ClimateSight: Climate Risk Engineering for Grid Infrastructure

Climate Risk
HPC
Dask
Monte Carlo
ICF
The core of a cloud-native climate-risk platform at ICF that quantifies financial risk to electric-utility assets — a 7-stage climate data pipeline, physics-based asset-impact models, and a Monte Carlo consequence engine producing loss-exceedance curves.
Published

June 1, 2025

The problem

Electric utilities own physical assets — poles, powerlines, transformers, substations — that fail or degrade faster under climate stress. The planner’s real question, how much will a warming climate cost this fleet, and where is the risk concentrated?, can’t be answered by a single model. It needs a trustworthy chain: from raw climate projections, through analysis-ready data, through physics-based impact models, to defensible cost distributions a decision-maker can act on.

At ICF, I designed and built the core of ClimateSight, a platform that delivers exactly that chain.

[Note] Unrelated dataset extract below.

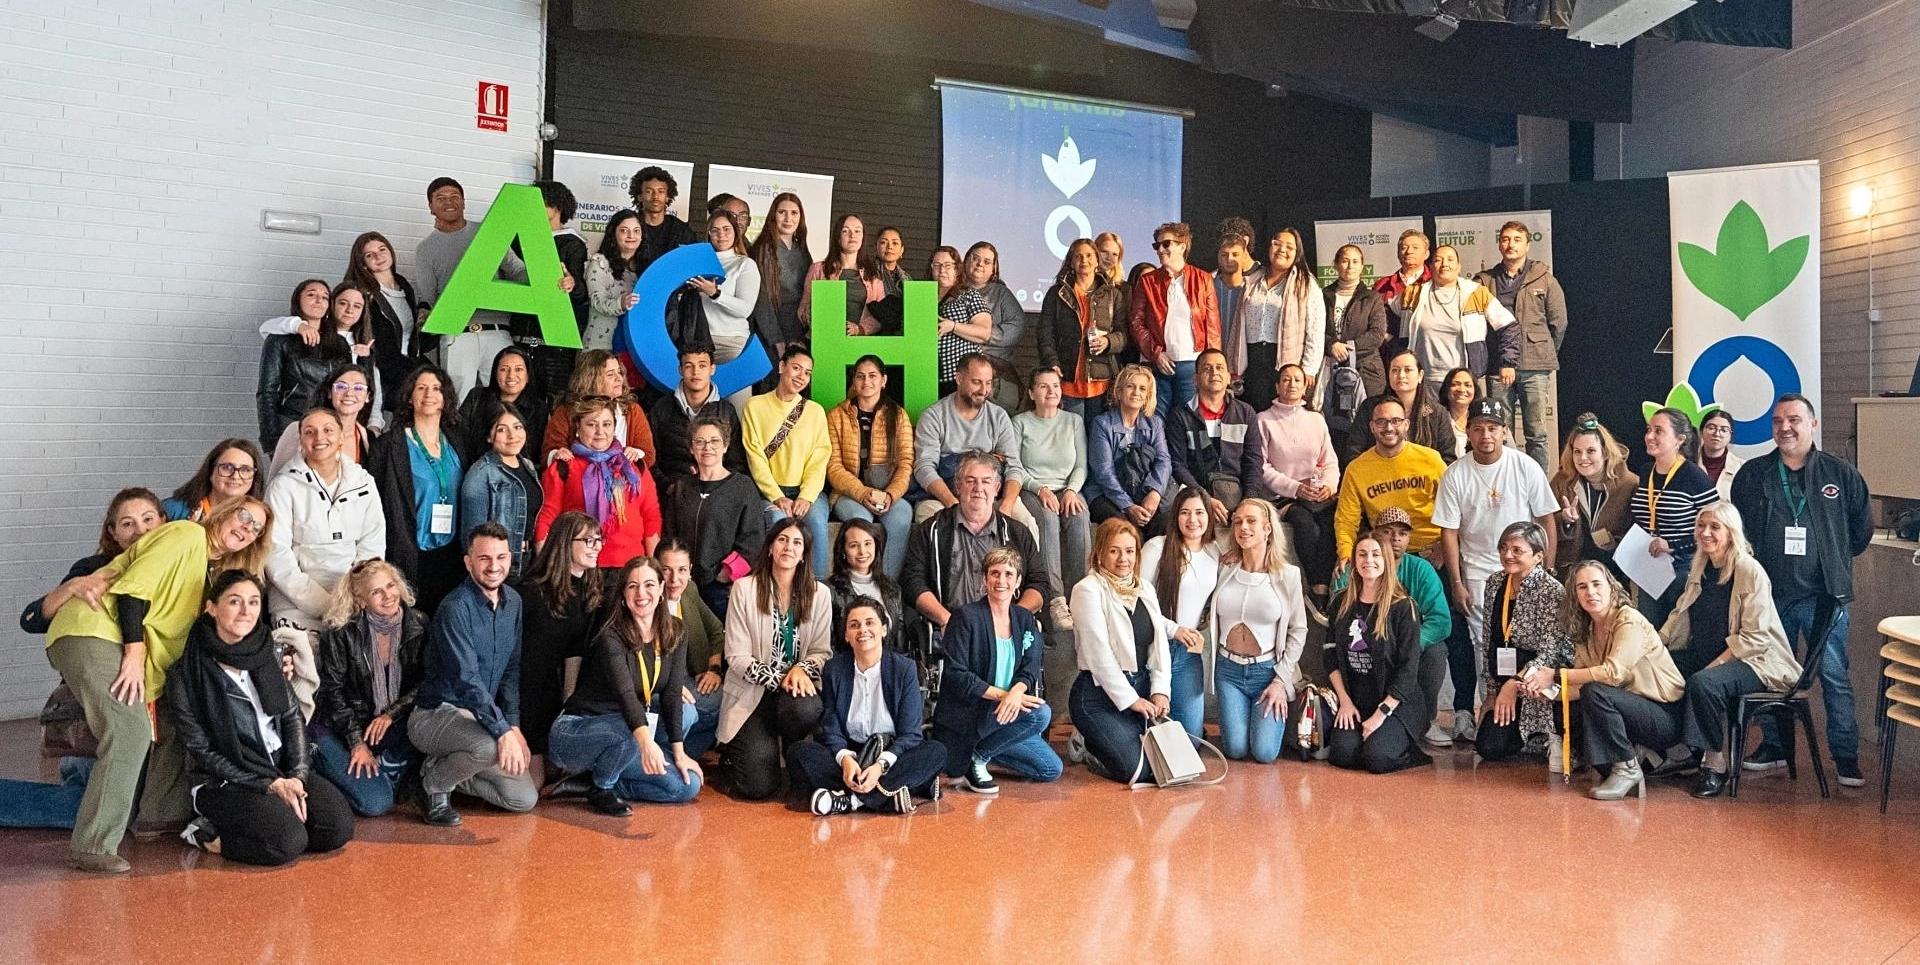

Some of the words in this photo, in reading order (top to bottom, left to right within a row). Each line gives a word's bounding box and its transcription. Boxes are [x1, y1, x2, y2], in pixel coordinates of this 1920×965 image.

[747, 184, 771, 192] VIVES
[1438, 235, 1475, 247] FUTUR
[1367, 475, 1426, 499] CHEVIGNON

The system ingests climate-model output, regrids and standardizes it to cloud-native datasets, runs per-asset impact models, and produces Monte Carlo cost distributions and loss-exceedance curves.

The climate data pipeline

The foundation is a 7-stage, separation-of-concerns pipeline that turns raw climate output into analysis-ready Zarr cubes on S3:

  • Schema & time policy — CF-compliance and a UTC-only time standard that eliminates daylight-saving duplicate-timestamp ambiguities at the source.
  • Lazy, S3-backed ingestion of CONUS404 and ERA5 via Intake/HyTest catalogs.
  • Regridding from native projection to WGS84 via xESMF, with regrid-weight caching that delivers roughly 4× faster rebuilds.
  • Derived-variable transforms, per-variable Zarr cube construction, and Dask cluster management on Coiled AWS profiles.
  • Metadata consolidation that cut S3 GET requests from 100+ to 1–2, bringing dataset open times from ~30 seconds to under 1 second.

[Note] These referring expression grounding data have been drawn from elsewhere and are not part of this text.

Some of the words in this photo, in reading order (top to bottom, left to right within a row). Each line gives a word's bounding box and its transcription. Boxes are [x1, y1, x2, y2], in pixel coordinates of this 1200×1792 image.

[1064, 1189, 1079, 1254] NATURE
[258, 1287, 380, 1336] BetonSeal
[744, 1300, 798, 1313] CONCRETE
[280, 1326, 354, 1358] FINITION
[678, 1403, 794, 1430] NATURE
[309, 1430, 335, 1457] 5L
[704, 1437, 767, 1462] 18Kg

Across refactoring the experimental codebase into modular, tested, containerized packages and this performance engineering, I cut runtime and peak memory use by 40%+.

Asset-impact models

On top of the data layer sit physics-based impact models for four asset classes:

  • Poles — lognormal wind fragility curves integrated against the wind distribution, with age-dependent strength decay.
  • Powerlines — thermal ampacity derating coupling temperature, wind, and solar load (IEEE-738-aligned).
  • Substations — flood vulnerability via Gumbel/GEV extreme-value fitting to return-period levels.
  • Transformers — IEEE C57.91 / Arrhenius-based insulation-aging (hotspot temperature to aging-acceleration to lifespan loss). Transformer modeling was a collaborative effort with a colleague.

The consequence engine

A Monte Carlo cost simulation combines Bernoulli failure masking with cost draws (lognormal, CV-parameterized) to produce loss-exceedance curves — with Dask-safe monotonicity enforcement — plus Value-at-Risk, tail-VaR, and expected-annual-loss, reported with ensemble uncertainty bands across climate models and scenarios.

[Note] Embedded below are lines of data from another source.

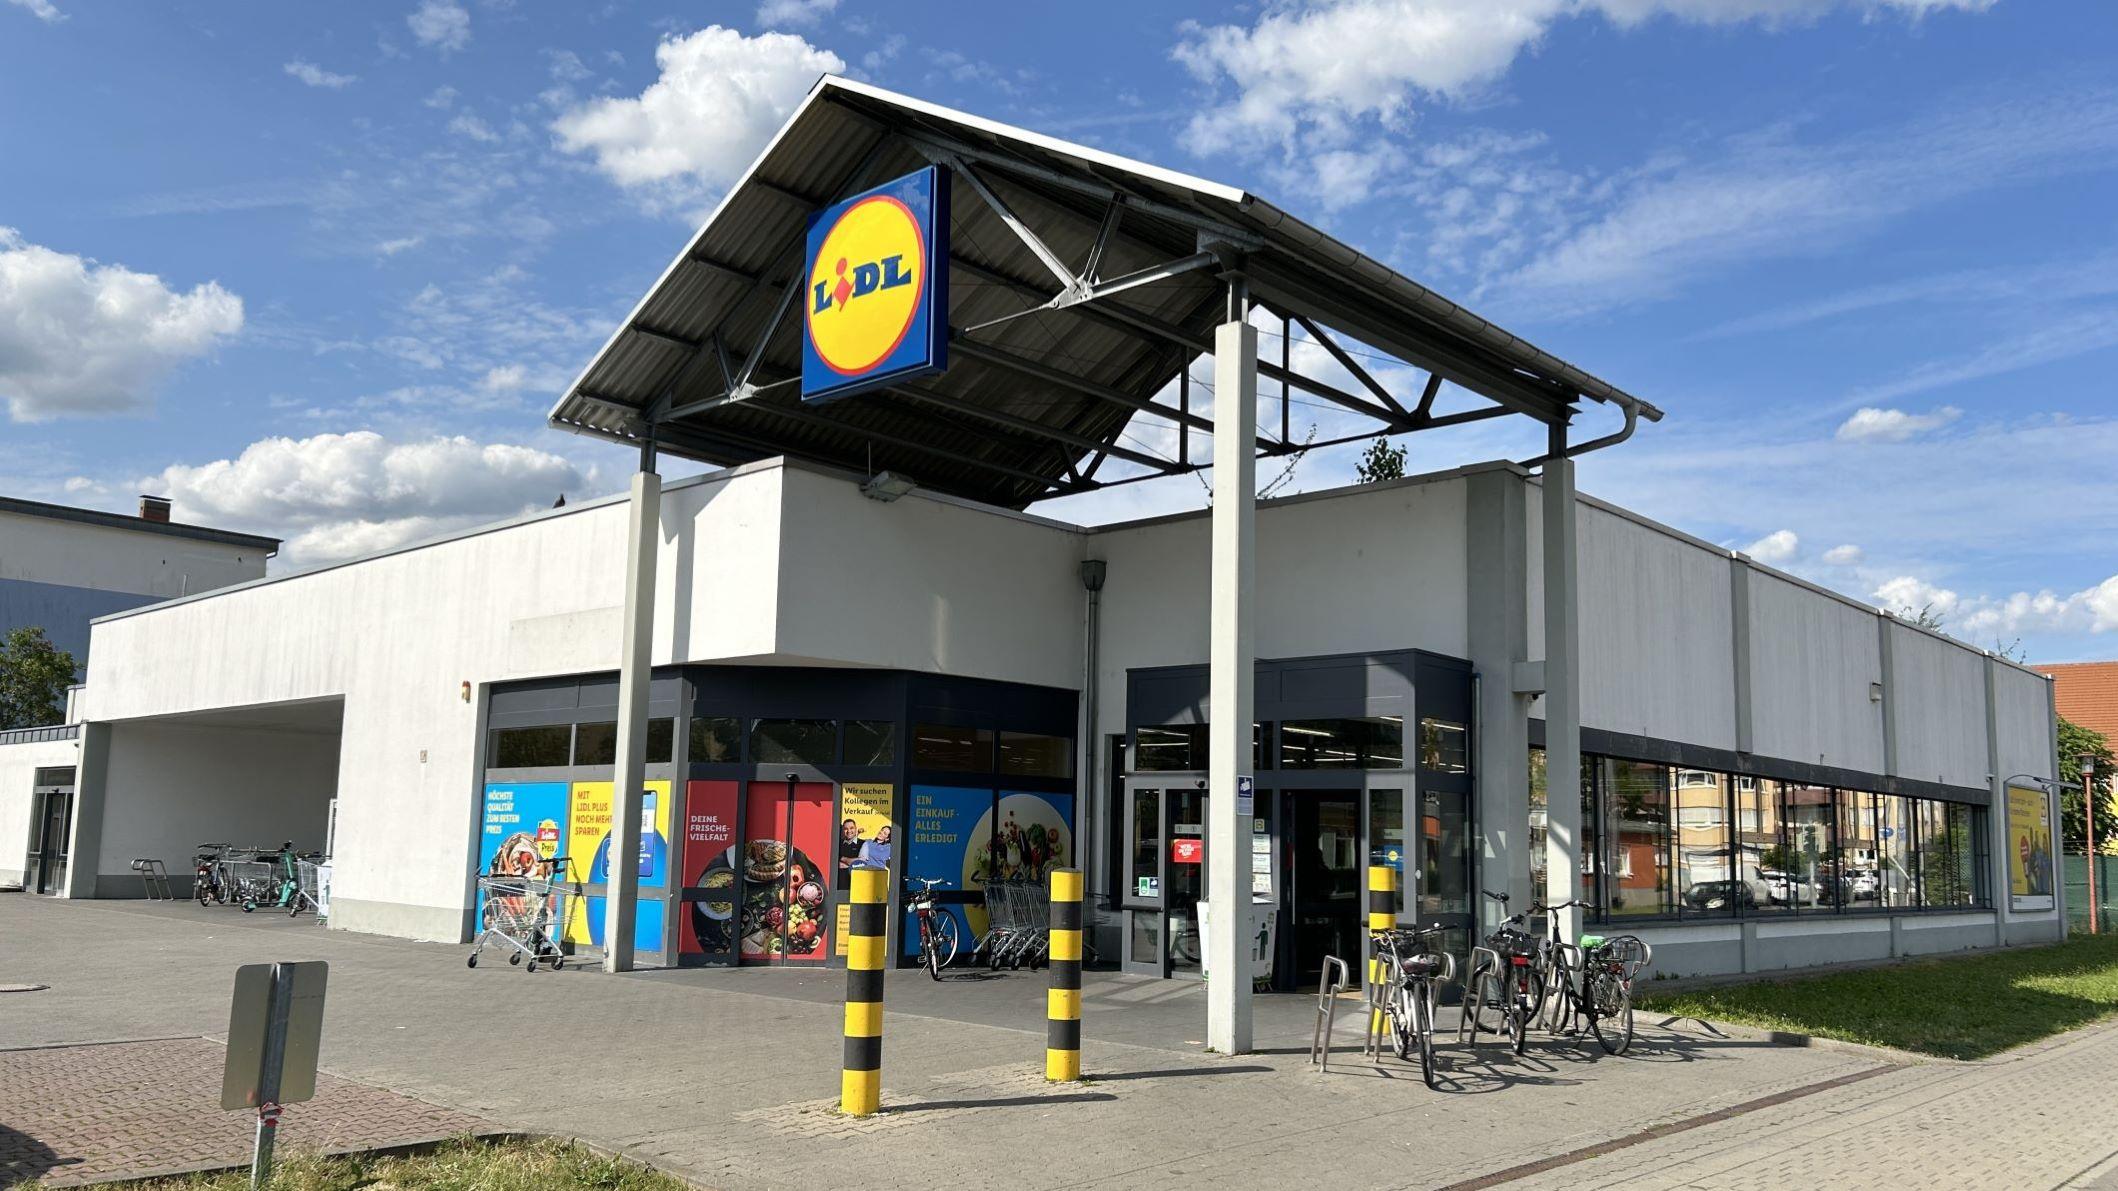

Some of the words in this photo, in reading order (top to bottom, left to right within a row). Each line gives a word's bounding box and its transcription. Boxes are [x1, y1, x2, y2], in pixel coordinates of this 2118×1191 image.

[577, 790, 590, 800] MIT
[860, 787, 887, 795] suchen
[844, 797, 878, 806] Kollegen
[916, 795, 932, 805] EIN
[576, 802, 591, 812] LIDL
[592, 802, 608, 812] PLUS
[844, 807, 873, 815] Verkauf
[575, 814, 595, 824] NOCH
[691, 815, 718, 823] DEINE
[690, 824, 731, 832] FRISCHE-
[915, 820, 942, 831] ALLES
[574, 826, 600, 836] SPAREN
[689, 833, 729, 841] VIELFALT
[914, 833, 958, 843] ERLEDIGT

Hazard standardization & synchronized risk deltas

A distinguishing piece of the work was a configuration-driven pipeline that standardizes raw CoSMoS coastal-flood data — reprojecting from UTM to geographic coordinates into paired historic and future Zarr cubes — and a synchronized Monte Carlo sampler that applies identical random draws to both climate scenarios. This isolates the true climate signal from sampling noise, so a computed risk delta reflects climate change rather than randomness. It was a methodological requirement from the science lead, and it’s the kind of detail that separates a result you can defend from one you can’t. An automated paired-dataset validation framework checks dimensional and coordinate synchronization before any risk math runs.

The system’s formal climate and flood data contracts, and the overall architecture, were developed collaboratively with the ICF team.

Why it matters

Climate adaptation budgets are finite. By engineering the full path from raw projection to quantified, uncertainty-aware risk — and refusing to hide that uncertainty — this work helps utilities direct hardening investment where it protects the most people per dollar.